◆ **Required action**
Every entry, from first to last, is to be written out exactly.

◆ **Dataset records**
• • • •

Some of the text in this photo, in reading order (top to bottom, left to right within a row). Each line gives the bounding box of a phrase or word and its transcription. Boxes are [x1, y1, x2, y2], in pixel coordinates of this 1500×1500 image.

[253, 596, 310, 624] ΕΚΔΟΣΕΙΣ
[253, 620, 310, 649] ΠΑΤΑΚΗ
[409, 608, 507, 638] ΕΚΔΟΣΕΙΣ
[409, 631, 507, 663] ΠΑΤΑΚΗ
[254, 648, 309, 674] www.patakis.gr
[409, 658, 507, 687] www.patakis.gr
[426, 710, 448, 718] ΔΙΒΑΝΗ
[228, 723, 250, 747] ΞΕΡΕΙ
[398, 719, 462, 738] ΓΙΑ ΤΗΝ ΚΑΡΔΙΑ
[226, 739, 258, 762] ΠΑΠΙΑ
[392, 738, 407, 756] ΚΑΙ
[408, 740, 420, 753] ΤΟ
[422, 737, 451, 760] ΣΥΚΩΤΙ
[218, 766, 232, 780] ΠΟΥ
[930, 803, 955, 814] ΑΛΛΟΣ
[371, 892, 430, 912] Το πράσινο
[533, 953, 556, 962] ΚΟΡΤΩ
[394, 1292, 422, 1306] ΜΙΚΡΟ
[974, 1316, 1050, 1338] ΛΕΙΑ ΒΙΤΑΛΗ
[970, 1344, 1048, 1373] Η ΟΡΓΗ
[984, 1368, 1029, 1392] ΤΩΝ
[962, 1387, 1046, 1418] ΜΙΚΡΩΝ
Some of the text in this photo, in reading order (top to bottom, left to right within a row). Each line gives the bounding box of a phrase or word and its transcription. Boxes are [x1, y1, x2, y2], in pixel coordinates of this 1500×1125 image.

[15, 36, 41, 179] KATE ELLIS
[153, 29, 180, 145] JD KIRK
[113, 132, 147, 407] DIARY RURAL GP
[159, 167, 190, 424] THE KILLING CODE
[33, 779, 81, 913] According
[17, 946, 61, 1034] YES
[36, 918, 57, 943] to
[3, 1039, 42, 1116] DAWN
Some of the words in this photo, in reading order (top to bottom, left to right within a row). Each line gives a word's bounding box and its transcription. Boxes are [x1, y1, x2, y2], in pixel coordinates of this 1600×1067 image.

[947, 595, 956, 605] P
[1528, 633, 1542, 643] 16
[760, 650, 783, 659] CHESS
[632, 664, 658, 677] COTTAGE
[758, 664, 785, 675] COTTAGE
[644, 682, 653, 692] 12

• • • •

◆ **Answer box**
Some of the text in this photo, in reading order (top to bottom, left to right within a row). Each line gives the bounding box of a phrase or word and its transcription. Boxes are [x1, y1, x2, y2], in pixel coordinates of this 1500×1500 image.

[253, 596, 310, 624] ΕΚΔΟΣΕΙΣ
[253, 620, 310, 649] ΠΑΤΑΚΗ
[409, 608, 507, 638] ΕΚΔΟΣΕΙΣ
[409, 631, 507, 663] ΠΑΤΑΚΗ
[254, 648, 309, 674] www.patakis.gr
[409, 658, 507, 687] www.patakis.gr
[426, 710, 448, 718] ΔΙΒΑΝΗ
[228, 723, 250, 747] ΞΕΡΕΙ
[398, 719, 462, 738] ΓΙΑ ΤΗΝ ΚΑΡΔΙΑ
[226, 739, 258, 762] ΠΑΠΙΑ
[392, 738, 407, 756] ΚΑΙ
[408, 740, 420, 753] ΤΟ
[422, 737, 451, 760] ΣΥΚΩΤΙ
[218, 766, 232, 780] ΠΟΥ
[930, 803, 955, 814] ΑΛΛΟΣ
[371, 892, 430, 912] Το πράσινο
[533, 953, 556, 962] ΚΟΡΤΩ
[394, 1292, 422, 1306] ΜΙΚΡΟ
[974, 1316, 1050, 1338] ΛΕΙΑ ΒΙΤΑΛΗ
[970, 1344, 1048, 1373] Η ΟΡΓΗ
[984, 1368, 1029, 1392] ΤΩΝ
[962, 1387, 1046, 1418] ΜΙΚΡΩΝ
Some of the text in this photo, in reading order (top to bottom, left to right within a row). Each line gives the bounding box of a phrase or word and its transcription. Boxes are [x1, y1, x2, y2], in pixel coordinates of this 1500×1125 image.

[15, 36, 41, 179] KATE ELLIS
[153, 29, 180, 145] JD KIRK
[113, 132, 147, 407] DIARY RURAL GP
[159, 167, 190, 424] THE KILLING CODE
[33, 779, 81, 913] According
[17, 946, 61, 1034] YES
[36, 918, 57, 943] to
[3, 1039, 42, 1116] DAWN
Some of the words in this photo, in reading order (top to bottom, left to right within a row). Each line gives a word's bounding box and its transcription. Boxes are [x1, y1, x2, y2], in pixel coordinates of this 1600×1067 image.

[947, 595, 956, 605] P
[1528, 633, 1542, 643] 16
[760, 650, 783, 659] CHESS
[632, 664, 658, 677] COTTAGE
[758, 664, 785, 675] COTTAGE
[644, 682, 653, 692] 12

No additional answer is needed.